### Stored data entries
------------------------------------
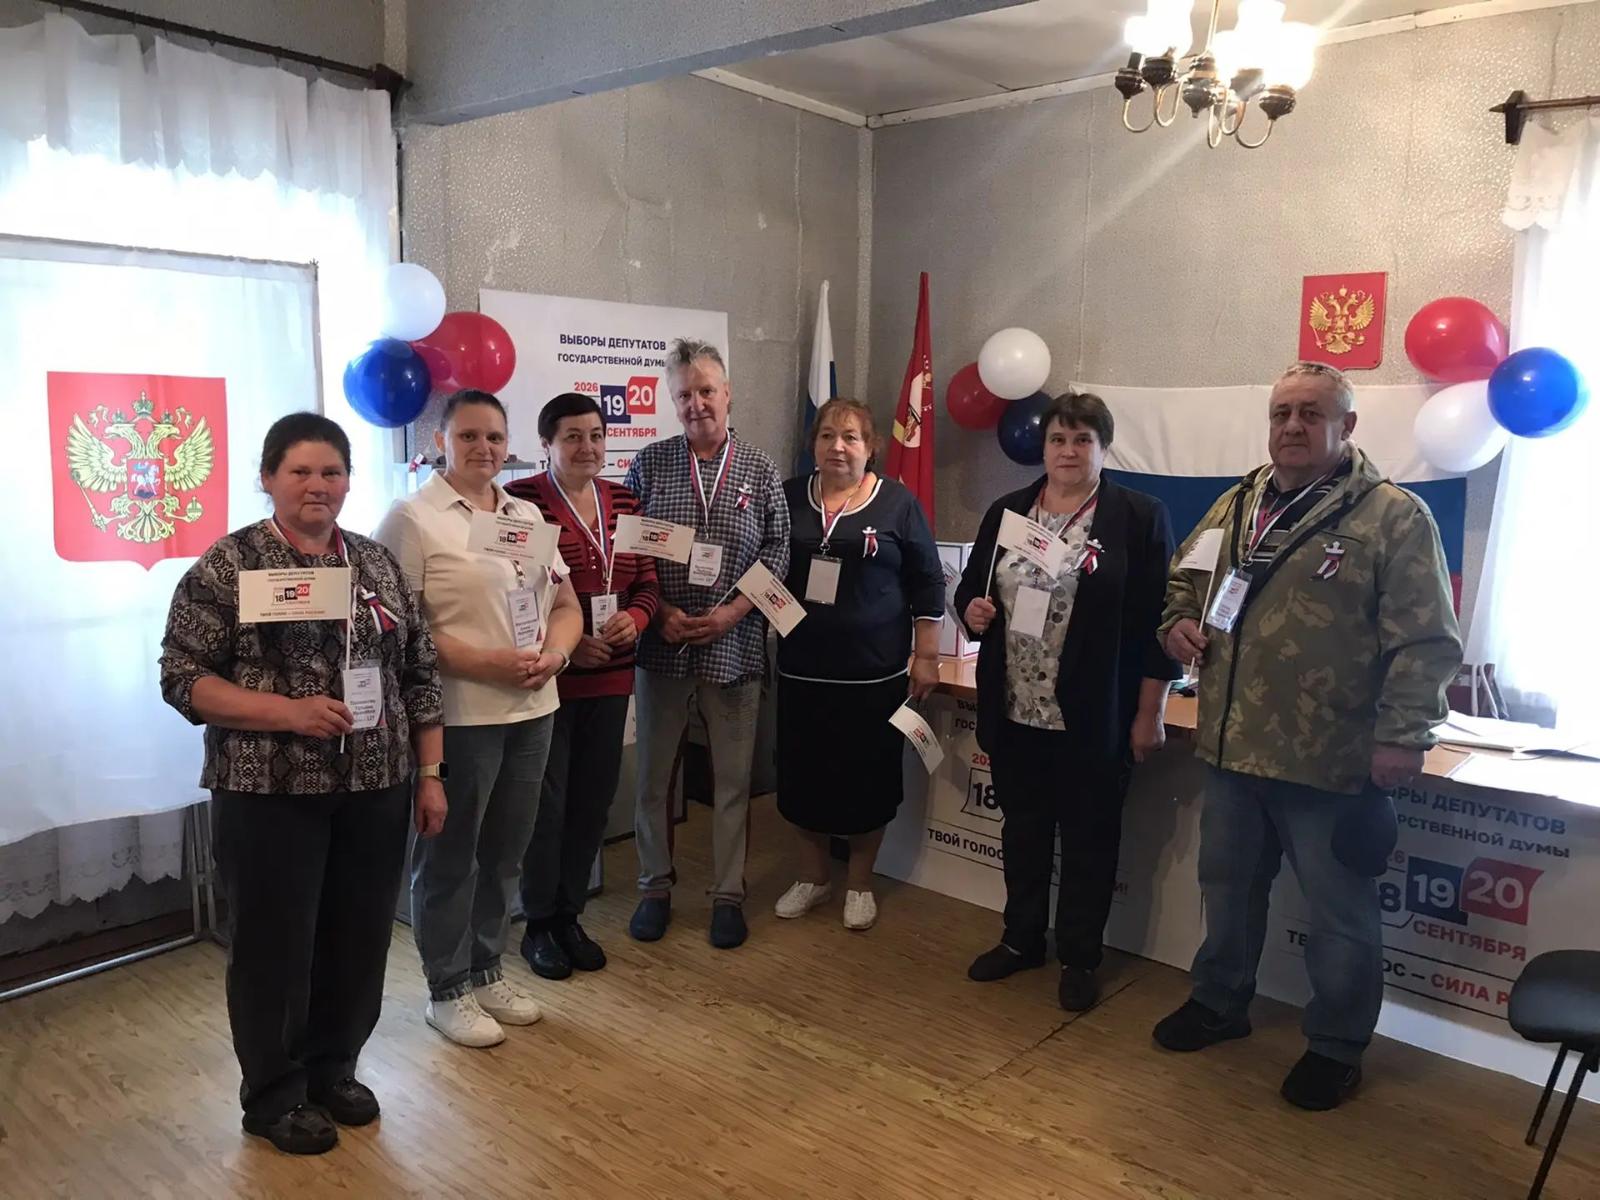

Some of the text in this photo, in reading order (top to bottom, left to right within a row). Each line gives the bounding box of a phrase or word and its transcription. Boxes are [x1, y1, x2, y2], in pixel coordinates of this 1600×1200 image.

[560, 334, 666, 350] ВЫБОРЫ ДЕПУТАТОВ
[558, 353, 642, 366] ГОСУДАРСТВЕННОЙ
[574, 382, 599, 392] 2026
[603, 385, 653, 416] 19 20
[607, 427, 657, 438] СЕНТЯБРЯ
[971, 752, 990, 766] 20
[973, 782, 1000, 810] 18
[1432, 793, 1566, 835] ДЕПУТАТОВ
[928, 828, 960, 847] ТВОЙ
[1509, 838, 1570, 858] ДУМЫ
[1413, 873, 1456, 908] 19
[1467, 870, 1524, 910] 20
[1413, 920, 1526, 961] СЕНТЯБРЯ
[1431, 973, 1490, 1001] СИЛА
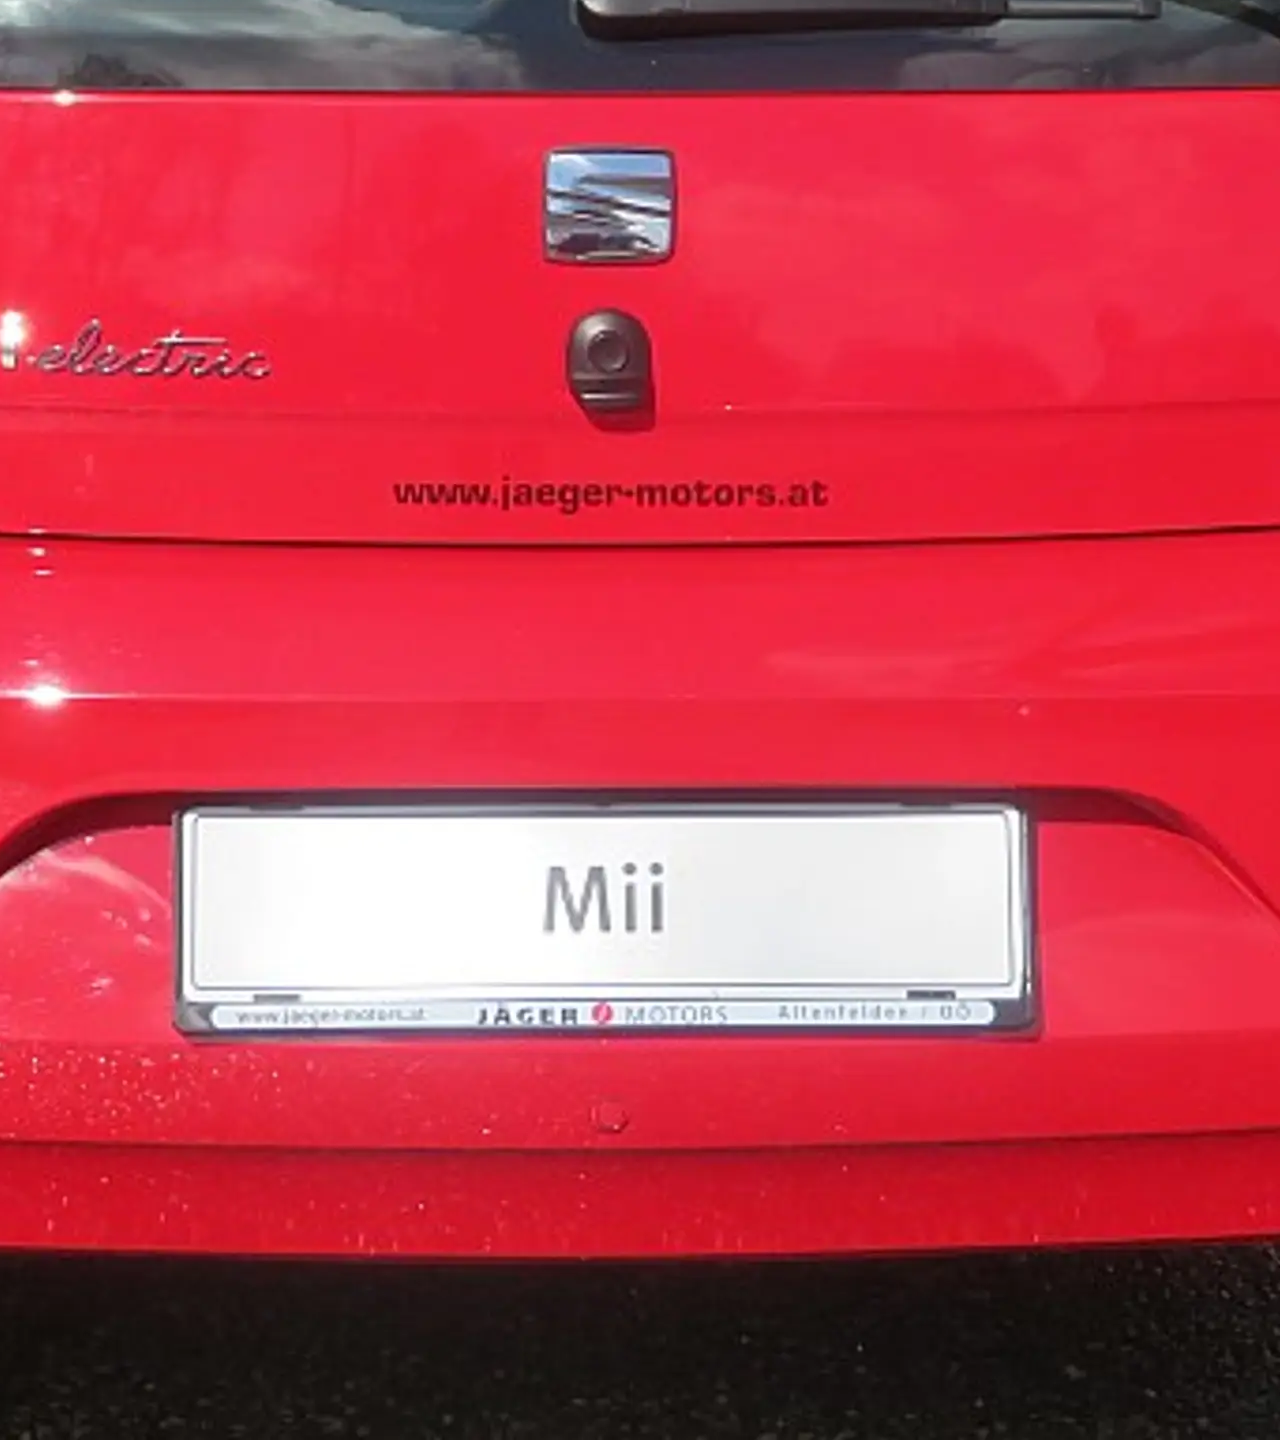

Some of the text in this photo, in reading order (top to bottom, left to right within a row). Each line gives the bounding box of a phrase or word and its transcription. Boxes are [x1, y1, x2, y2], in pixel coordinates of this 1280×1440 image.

[28, 317, 272, 378] electric
[392, 475, 829, 516] www.jaeger-motors.at
[542, 861, 665, 935] Mii
[477, 1003, 729, 1026] JÄGER MOTORS
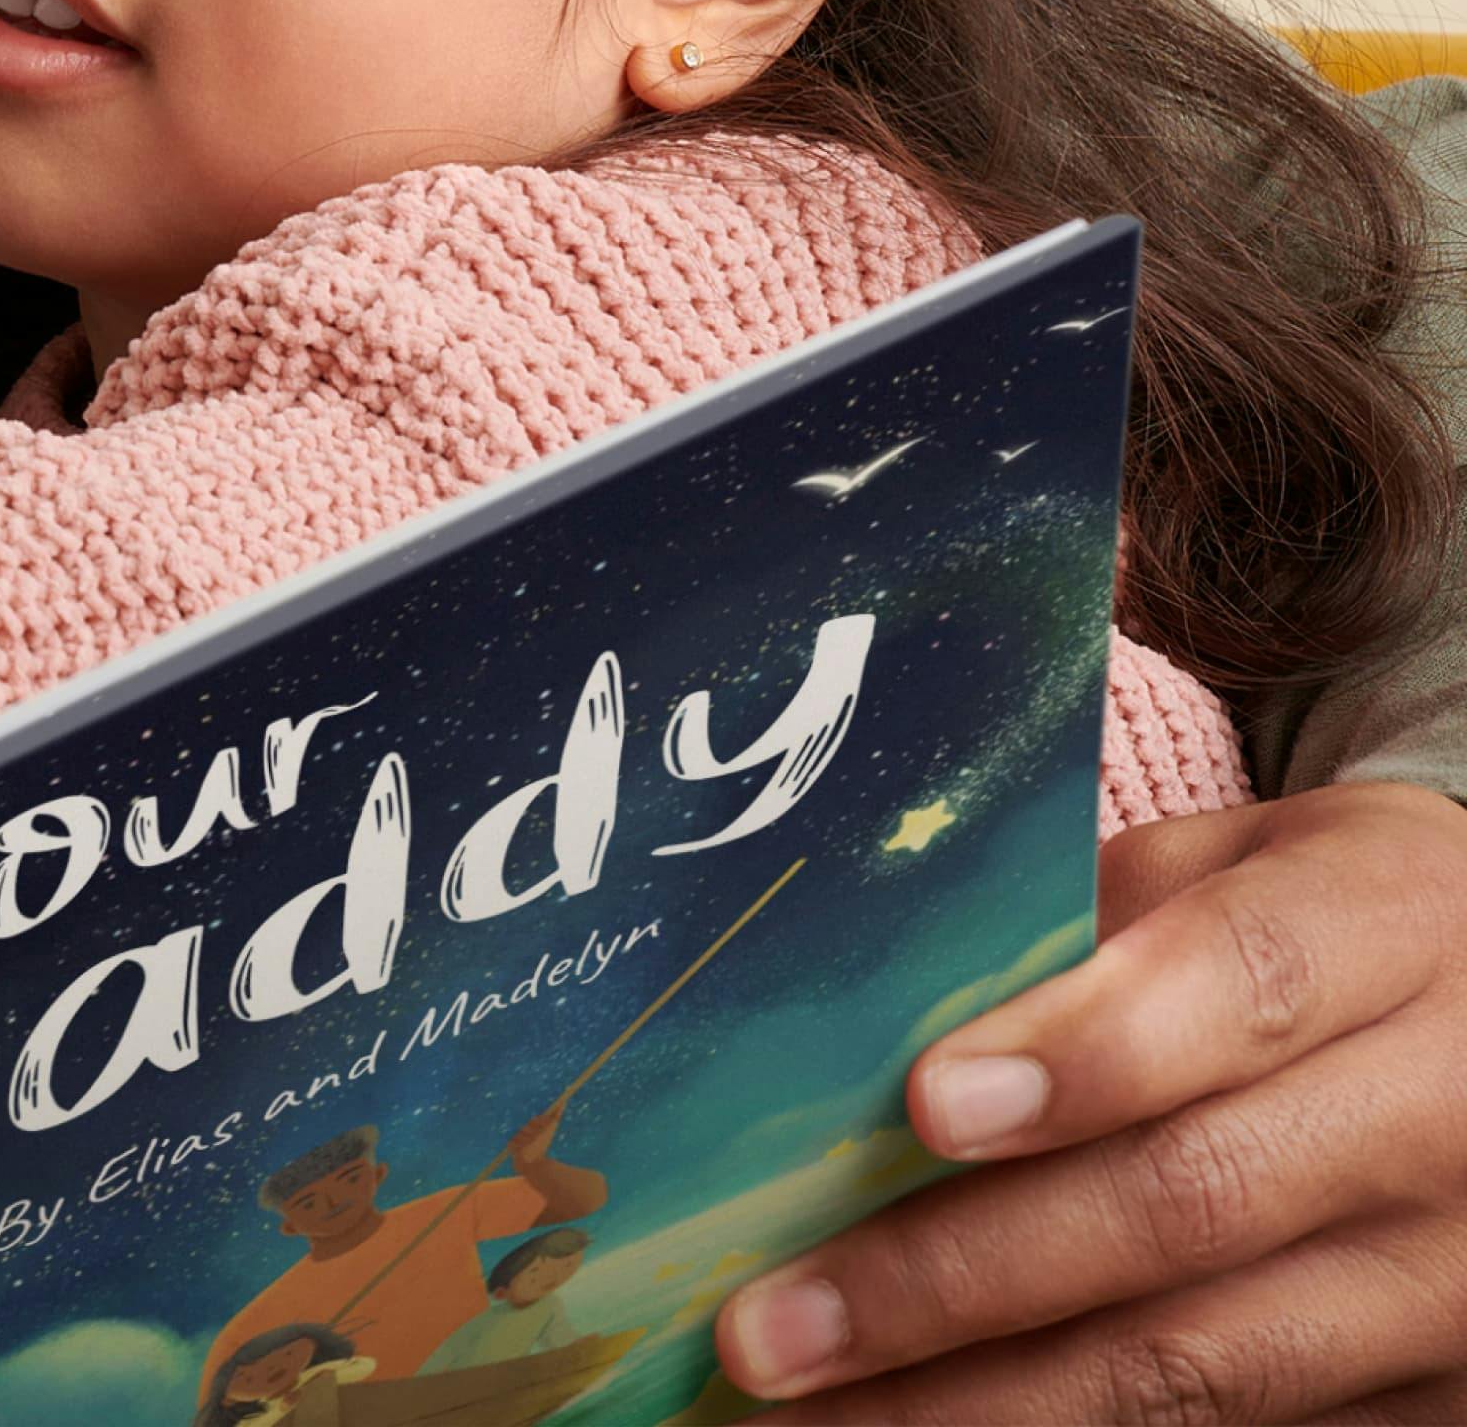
------------------------------------
### WHAT YOU WILL DO
Write out each entry again exactly, and skip the pictures.

### ANSWER SPACE
Some of the text in this photo, in reading order (top to bottom, left to right within a row). Each line gives the bounding box of a phrase or word and its transcription. Boxes are [x1, y1, x2, y2], in pixel coordinates of this 1600×1200 image.

[560, 334, 666, 350] ВЫБОРЫ ДЕПУТАТОВ
[558, 353, 642, 366] ГОСУДАРСТВЕННОЙ
[574, 382, 599, 392] 2026
[603, 385, 653, 416] 19 20
[607, 427, 657, 438] СЕНТЯБРЯ
[971, 752, 990, 766] 20
[973, 782, 1000, 810] 18
[1432, 793, 1566, 835] ДЕПУТАТОВ
[928, 828, 960, 847] ТВОЙ
[1509, 838, 1570, 858] ДУМЫ
[1413, 873, 1456, 908] 19
[1467, 870, 1524, 910] 20
[1413, 920, 1526, 961] СЕНТЯБРЯ
[1431, 973, 1490, 1001] СИЛА

Some of the text in this photo, in reading order (top to bottom, left to right within a row). Each line gives the bounding box of a phrase or word and its transcription. Boxes are [x1, y1, x2, y2], in pixel coordinates of this 1280×1440 image.

[28, 317, 272, 378] electric
[392, 475, 829, 516] www.jaeger-motors.at
[542, 861, 665, 935] Mii
[477, 1003, 729, 1026] JÄGER MOTORS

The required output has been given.